I always felt happy when I performed and it looked like that girl did as well. I thankfully overcame my stage fright at the performing arts school so I was no longer scared to sing like I had been before, but it wasn't as if that mattered anymore. 

I never wanted to play again.  My teachers all chastised me for being scared to sing, all of them singing their praises to me about my voice but I didn't believe them.

Not until I performed the song the girl in front of us was currently singing at one of our showcases and I not only got a standing ovation but I also won the entire talent showcase. 

Of course my mother fell sick soon after so I wasn't able to fulfill what my instructors wanted for me, but it was an amazing experience after all. 

On the last note of the piano, everyone in the classroom stood up and clapped and the teacher wrote down something in her notebook. 

"Well, that'll be a tough act to follow but who's next?  Maybe we can get a male lead to sing?" I heard her ask and I saw a hand raise in the air almost immediately. 

"Jake?" I asked him as he passed me on his way up to the stage to perform.
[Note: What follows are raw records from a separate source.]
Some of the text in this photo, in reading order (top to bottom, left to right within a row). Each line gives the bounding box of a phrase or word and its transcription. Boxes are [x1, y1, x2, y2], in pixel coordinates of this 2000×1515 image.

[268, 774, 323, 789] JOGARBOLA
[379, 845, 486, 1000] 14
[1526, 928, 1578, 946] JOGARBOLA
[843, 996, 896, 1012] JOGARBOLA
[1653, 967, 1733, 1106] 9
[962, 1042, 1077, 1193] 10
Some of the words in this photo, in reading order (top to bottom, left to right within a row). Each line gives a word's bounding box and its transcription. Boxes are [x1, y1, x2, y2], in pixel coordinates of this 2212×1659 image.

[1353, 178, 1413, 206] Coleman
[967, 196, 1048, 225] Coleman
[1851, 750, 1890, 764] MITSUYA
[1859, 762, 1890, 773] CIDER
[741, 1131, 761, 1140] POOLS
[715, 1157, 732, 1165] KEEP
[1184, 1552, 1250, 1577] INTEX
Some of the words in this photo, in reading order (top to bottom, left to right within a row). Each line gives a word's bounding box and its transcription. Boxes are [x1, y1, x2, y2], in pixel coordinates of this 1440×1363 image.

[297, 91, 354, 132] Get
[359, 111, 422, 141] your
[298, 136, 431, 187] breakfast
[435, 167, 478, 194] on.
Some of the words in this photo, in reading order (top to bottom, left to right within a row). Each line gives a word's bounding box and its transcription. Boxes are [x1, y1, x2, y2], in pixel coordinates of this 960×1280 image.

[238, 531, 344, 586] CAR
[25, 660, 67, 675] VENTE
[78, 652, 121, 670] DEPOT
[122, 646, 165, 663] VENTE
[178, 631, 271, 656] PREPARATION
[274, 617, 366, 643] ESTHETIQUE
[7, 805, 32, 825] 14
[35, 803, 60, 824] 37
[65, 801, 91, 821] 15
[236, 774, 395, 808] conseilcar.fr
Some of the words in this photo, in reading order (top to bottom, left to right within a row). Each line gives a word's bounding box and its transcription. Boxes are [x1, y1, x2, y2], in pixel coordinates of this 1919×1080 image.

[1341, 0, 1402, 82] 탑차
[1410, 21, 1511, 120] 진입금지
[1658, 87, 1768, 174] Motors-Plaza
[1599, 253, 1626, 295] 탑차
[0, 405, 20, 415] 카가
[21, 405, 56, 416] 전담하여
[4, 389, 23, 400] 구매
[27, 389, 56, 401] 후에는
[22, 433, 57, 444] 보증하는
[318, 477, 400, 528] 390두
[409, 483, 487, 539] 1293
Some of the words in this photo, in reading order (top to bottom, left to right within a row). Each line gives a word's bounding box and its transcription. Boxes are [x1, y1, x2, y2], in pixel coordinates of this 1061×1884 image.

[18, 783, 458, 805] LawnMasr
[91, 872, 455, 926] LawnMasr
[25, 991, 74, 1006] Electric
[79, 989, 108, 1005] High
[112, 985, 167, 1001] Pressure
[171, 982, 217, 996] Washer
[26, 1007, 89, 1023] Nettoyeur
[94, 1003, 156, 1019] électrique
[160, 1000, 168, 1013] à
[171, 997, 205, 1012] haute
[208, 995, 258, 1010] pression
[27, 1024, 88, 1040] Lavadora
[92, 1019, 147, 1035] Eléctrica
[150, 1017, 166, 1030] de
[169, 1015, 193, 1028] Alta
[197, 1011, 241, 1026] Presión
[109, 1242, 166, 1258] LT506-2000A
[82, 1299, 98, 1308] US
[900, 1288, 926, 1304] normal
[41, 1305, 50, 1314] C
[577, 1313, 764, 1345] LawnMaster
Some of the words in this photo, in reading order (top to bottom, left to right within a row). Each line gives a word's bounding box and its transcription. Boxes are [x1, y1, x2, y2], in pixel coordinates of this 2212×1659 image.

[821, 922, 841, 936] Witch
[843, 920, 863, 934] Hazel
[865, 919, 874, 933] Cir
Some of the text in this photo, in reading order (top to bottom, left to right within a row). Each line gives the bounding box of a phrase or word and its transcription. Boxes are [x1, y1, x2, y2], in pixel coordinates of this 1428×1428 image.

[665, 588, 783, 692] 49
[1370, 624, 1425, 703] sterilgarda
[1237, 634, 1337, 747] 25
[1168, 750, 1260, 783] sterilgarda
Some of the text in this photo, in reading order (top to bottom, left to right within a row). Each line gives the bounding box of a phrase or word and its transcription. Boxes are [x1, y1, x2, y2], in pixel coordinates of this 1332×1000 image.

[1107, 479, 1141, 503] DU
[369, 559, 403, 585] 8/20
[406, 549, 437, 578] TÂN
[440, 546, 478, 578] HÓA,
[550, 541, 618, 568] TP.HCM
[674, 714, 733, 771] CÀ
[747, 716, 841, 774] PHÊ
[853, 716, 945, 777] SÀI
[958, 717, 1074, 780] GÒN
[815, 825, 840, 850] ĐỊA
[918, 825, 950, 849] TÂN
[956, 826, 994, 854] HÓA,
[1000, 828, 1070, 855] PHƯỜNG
"Since when are you in theater?" I asked him dumbfounded, always sure that he wanted to play sports more than he ever wanted to be in the performing arts. 

"Since you left.  I know we did that one play the last time you were here but that was mostly for fun and I didn't take it seriously.  But when you left it made me feel like I was closer to you somehow, I really missed you, you know?" he said to me with a wistful look in his eye and just as suddenly as I saw it, it disappeared and he went on stage to perform. 

He sang a song from the musical 'Grease' and I was really impressed with his singing, his deep baritone voice cascading over my body like chills sweeping through me. 

He really had changed a lot since the last time I saw him.  There was a spring in his step and he seemed almost happier than before I had left.  It made me want to feel happy too, but then I thought of everything that happened back at Breckenridge and what happened to my mother and I wondered if I could ever truly be happy again. 

Being happy wasn't always my goal to strive for.  Sure, I'd been picked on and tested, but never enough to where I'd felt depressed or ever thought of my own happiness as something tangible and something to reach for, something to try to achieve every waking moment instead of the omniscient sadness that always loomed over my head like a storm cloud in those depression commercials after New York happened.

It was like a string of bad luck and pain followed me everywhere I went as soon as I left North Carolina, and I just hoped that maybe I could get my happiness back again. 

Looking at Jake just then, however, I realized maybe happiness was right in front of me.  I just had to reach out and take it.